## Provided entries:

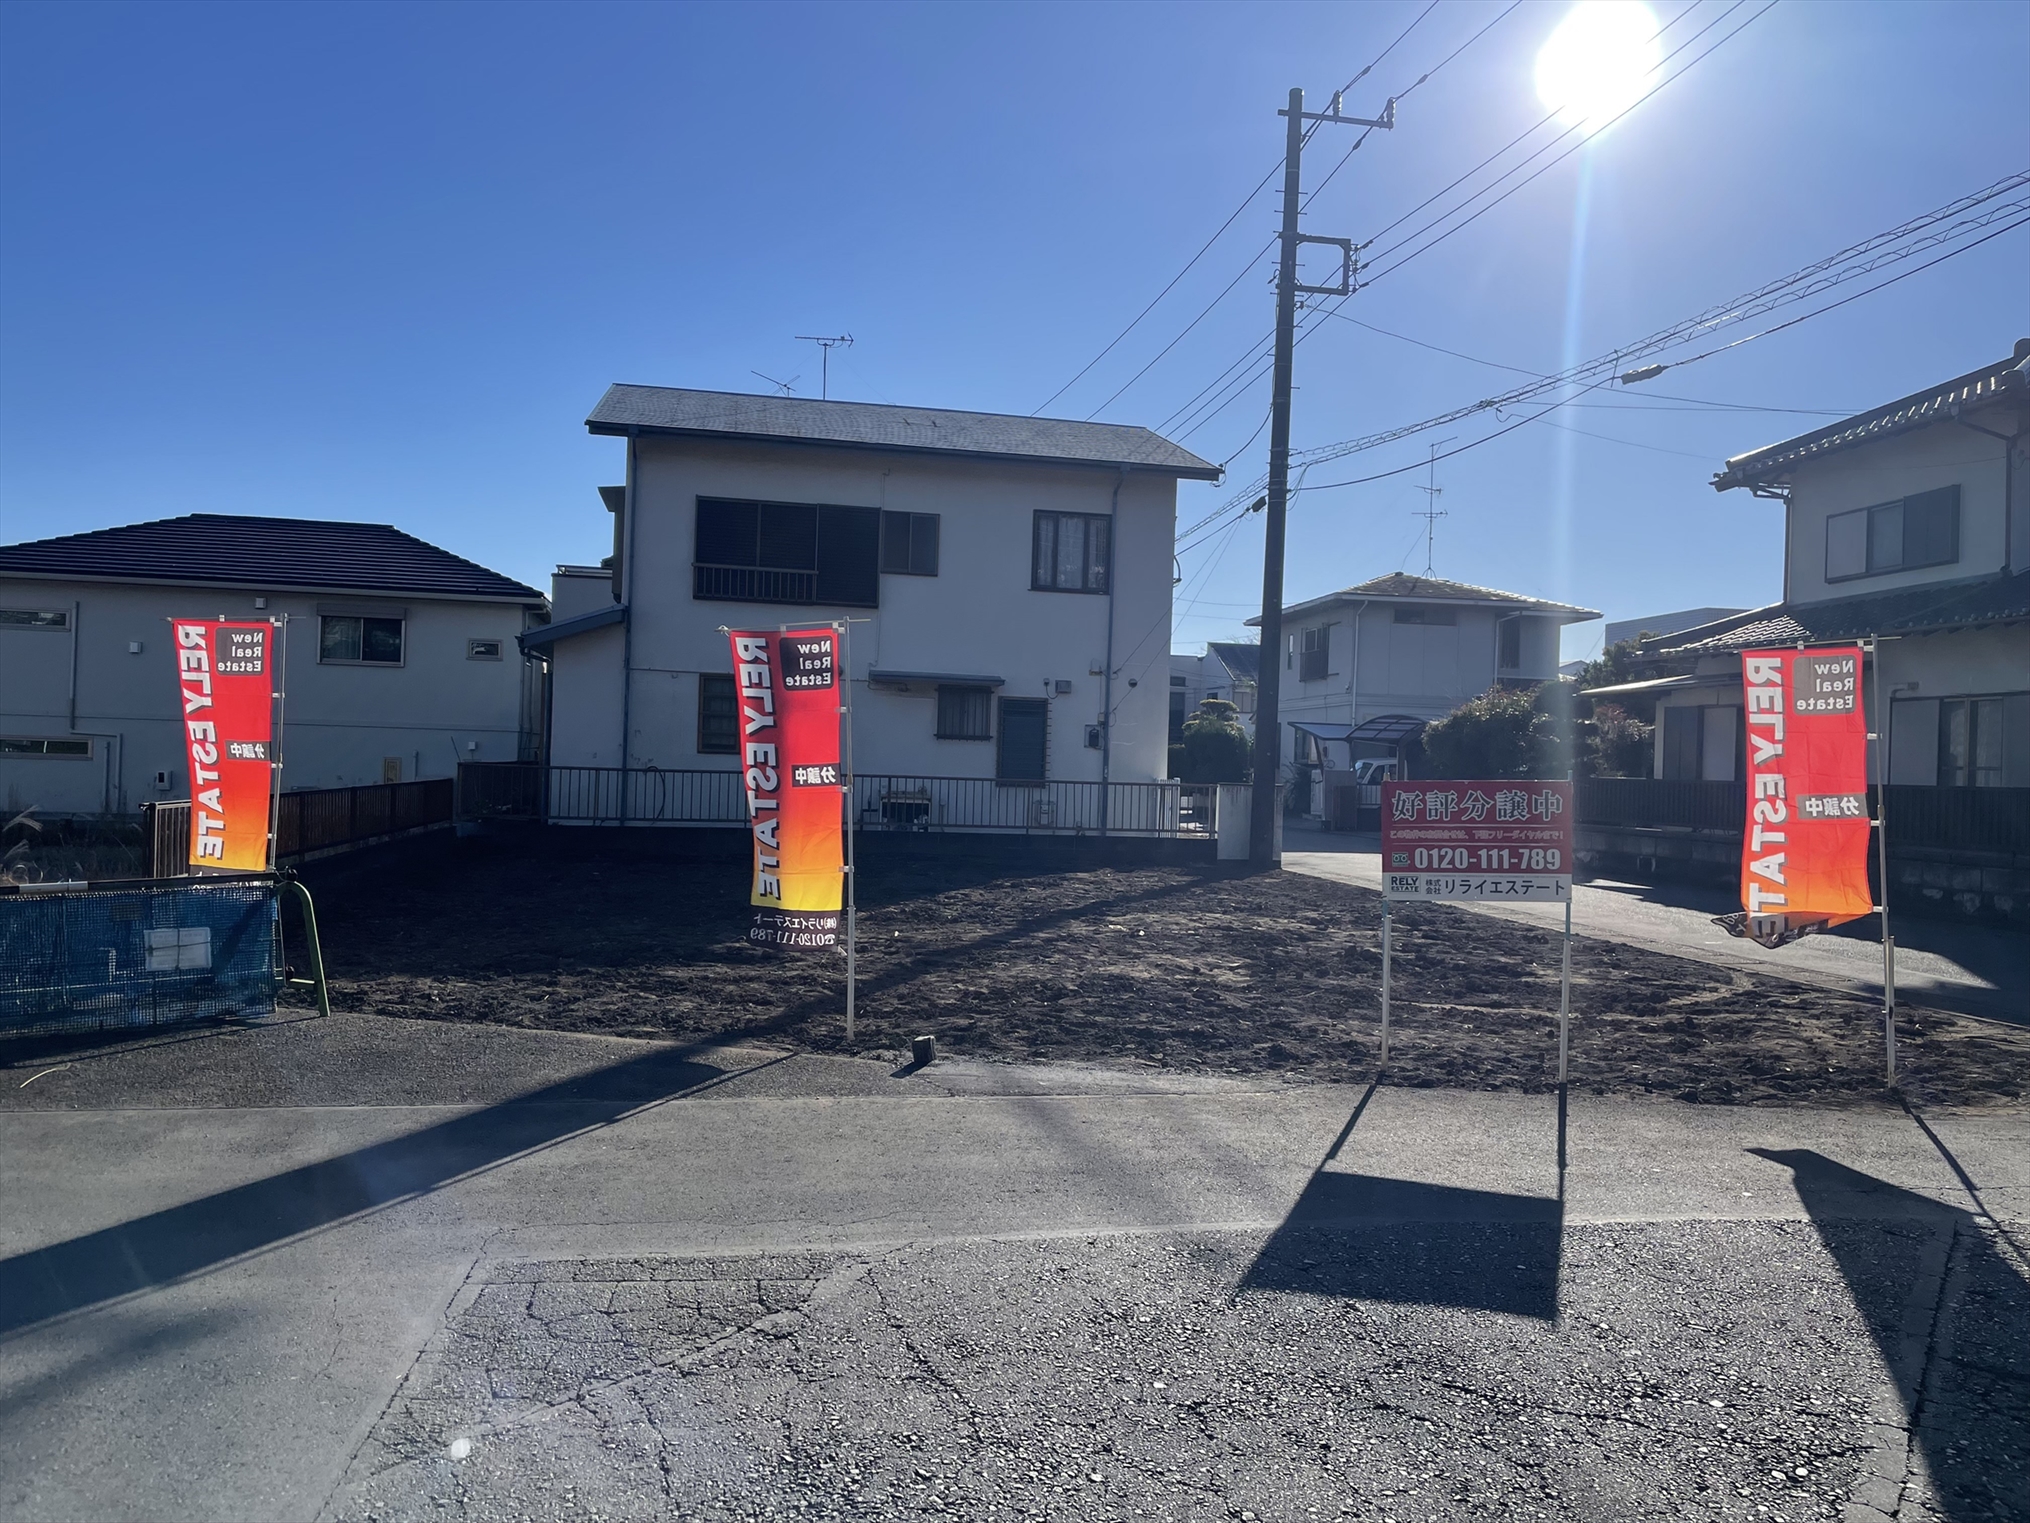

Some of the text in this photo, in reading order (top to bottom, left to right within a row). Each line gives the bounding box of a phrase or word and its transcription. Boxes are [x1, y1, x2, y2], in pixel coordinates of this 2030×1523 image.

[1392, 789, 1562, 821] 好評分譲中
[1414, 847, 1561, 870] 0120-111-789
[1391, 876, 1418, 886] RELY
[1425, 879, 1441, 887] 株式
[1425, 887, 1441, 895] 会社
[1445, 880, 1565, 895] リライエステート
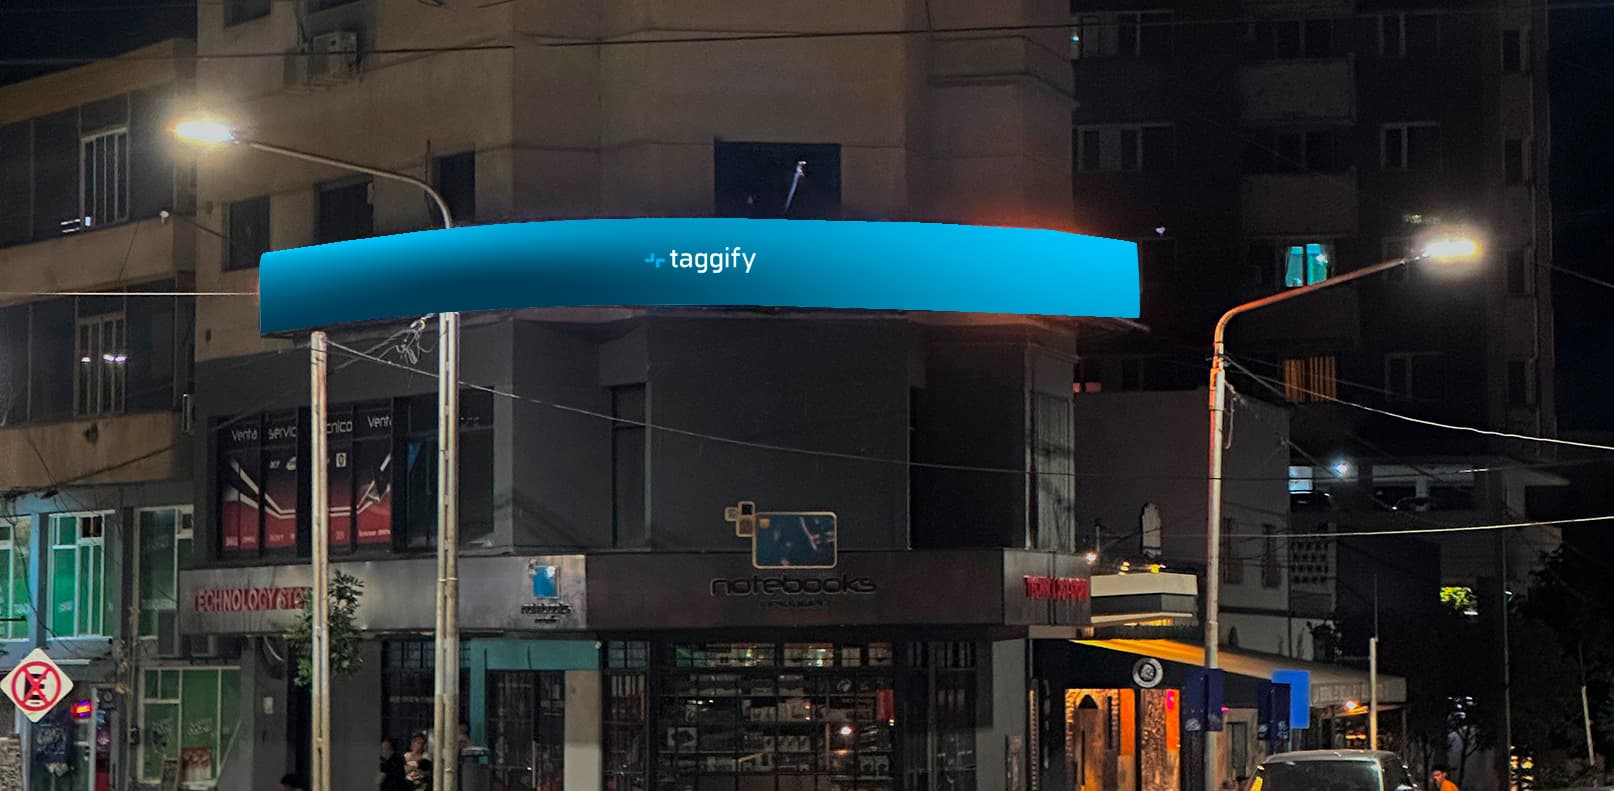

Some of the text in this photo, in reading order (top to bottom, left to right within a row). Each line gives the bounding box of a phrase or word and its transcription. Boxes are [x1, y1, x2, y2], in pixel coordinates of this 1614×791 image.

[669, 246, 757, 274] taggify
[268, 424, 297, 440] servic
[326, 420, 353, 434] cnico
[710, 574, 877, 596] notebooks

## Problem to solve:
Repeat exactly the lines from the one containing "this 1614×791 image." to the end of the records.

## Solution to this problem:
Some of the text in this photo, in reading order (top to bottom, left to right within a row). Each line gives the bounding box of a phrase or word and its transcription. Boxes are [x1, y1, x2, y2], in pixel coordinates of this 1614×791 image.

[669, 246, 757, 274] taggify
[268, 424, 297, 440] servic
[326, 420, 353, 434] cnico
[710, 574, 877, 596] notebooks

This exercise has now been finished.